The choice of legal entity — company, partnership, LLC, trust, or branch — has profound tax implications in every jurisdiction. For multinational businesses and high-income individuals operating across India and the US, entity selection is one of the most fundamental and highest-leverage decisions in tax planning.

In Day 11, we examine the major entity types available in India and the US, their tax treatment, and how to structure operations across jurisdictions for maximum tax efficiency.

1. Private Limited Company (Pvt Ltd)

– Most common structure for businesses

– Corporate tax rate: 22% (existing companies) or 15% (new manufacturing companies)

– Dividend Distribution Tax abolished; dividends taxed in shareholders’ hands

– Liability limited to share capital

2. Limited Liability Partnership (LLP)

– Taxed at 30% on profits (no reduced rate available)

– Partners taxed on share of profits

– No dividend distribution; profit sharing is flexible

– MAT (Minimum Alternate Tax) does not apply to LLPs

– Better for professional services firms

3. One Person Company (OPC)

– Single shareholder company

– Same tax rates as Pvt Ltd

– Suitable for solo entrepreneurs

4. Branch of Foreign Company

– Taxed at 40% in India (higher than domestic company)

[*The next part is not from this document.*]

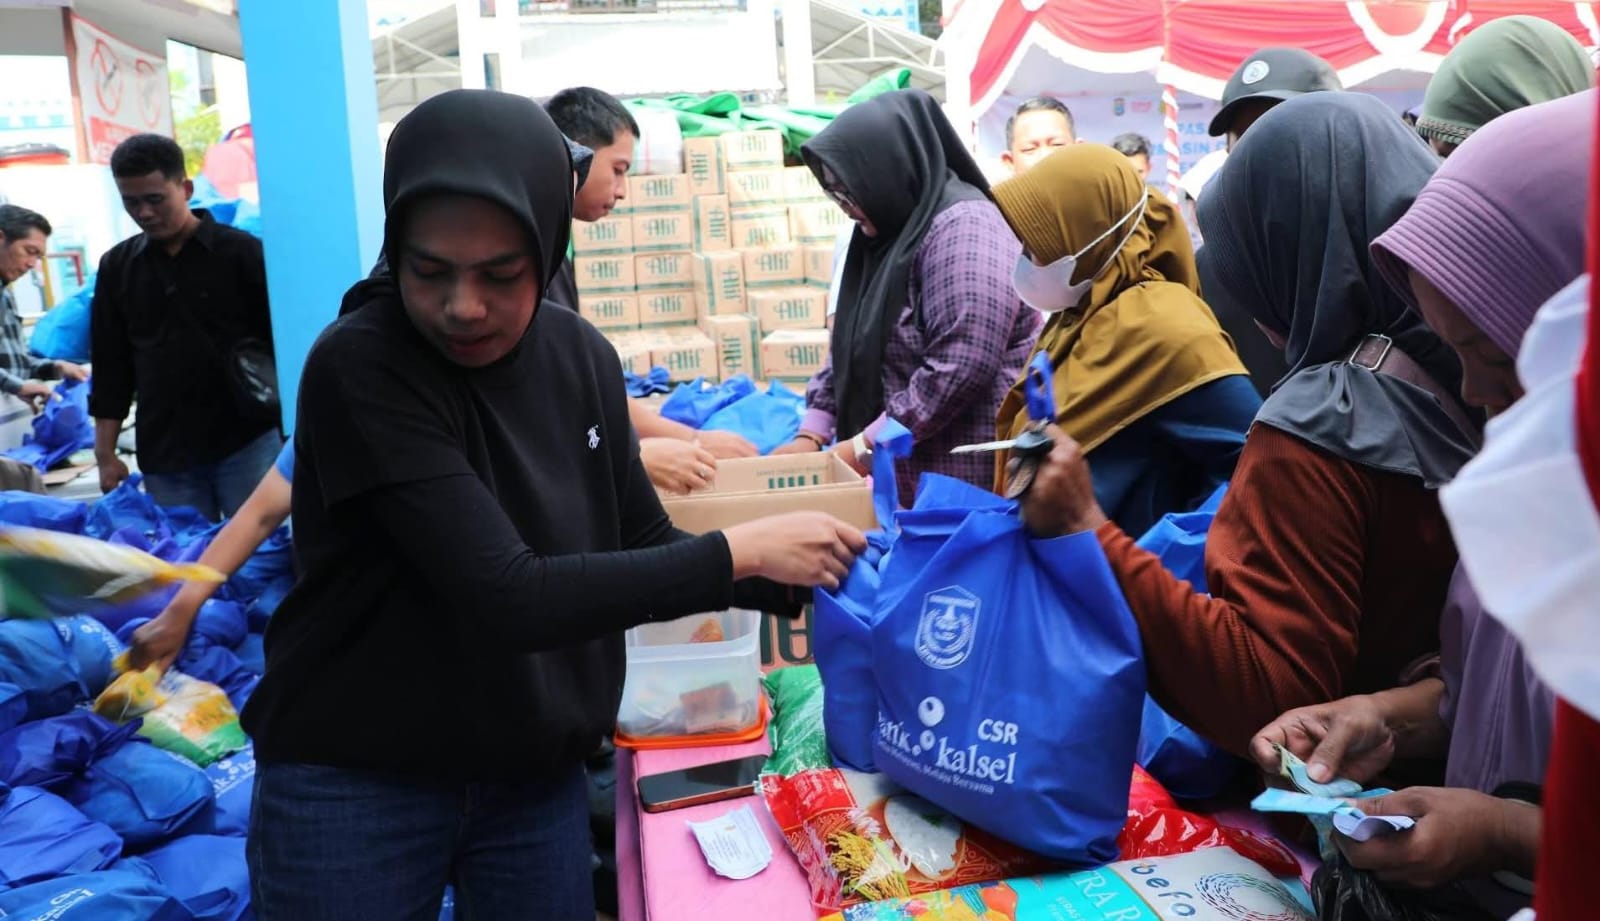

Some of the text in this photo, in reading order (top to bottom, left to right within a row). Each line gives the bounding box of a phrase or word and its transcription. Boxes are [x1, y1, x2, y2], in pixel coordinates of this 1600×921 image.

– Creates a PE for the foreign company

– All profits attributable to the branch are taxable in India

– Generally less efficient than incorporating a subsidiary

5. Hindu Undivided Family (HUF)

– Indian-specific entity for family businesses

– Separate taxpayer with basic exemption and deductions

– Can hold investments and business assets

– Must have a Karta (head) and at least two co-parceners

1. C-Corporation (C-Corp)

– Taxed at flat 21% federal corporate rate

– Double taxation: corporate profits taxed, then dividends taxed again

– Access to all US deductions, credits, and treaty benefits

– Required for VC/institutional investment; can issue multiple stock classes

2. S-Corporation (S-Corp)

– Pass-through taxation: income flows to shareholders, taxed once

– Limited to 100 shareholders, all must be US citizens or residents

– Not available to non-US founders

– Avoids double taxation; owners pay employment taxes only on reasonable salary

3. Limited Liability Company (LLC)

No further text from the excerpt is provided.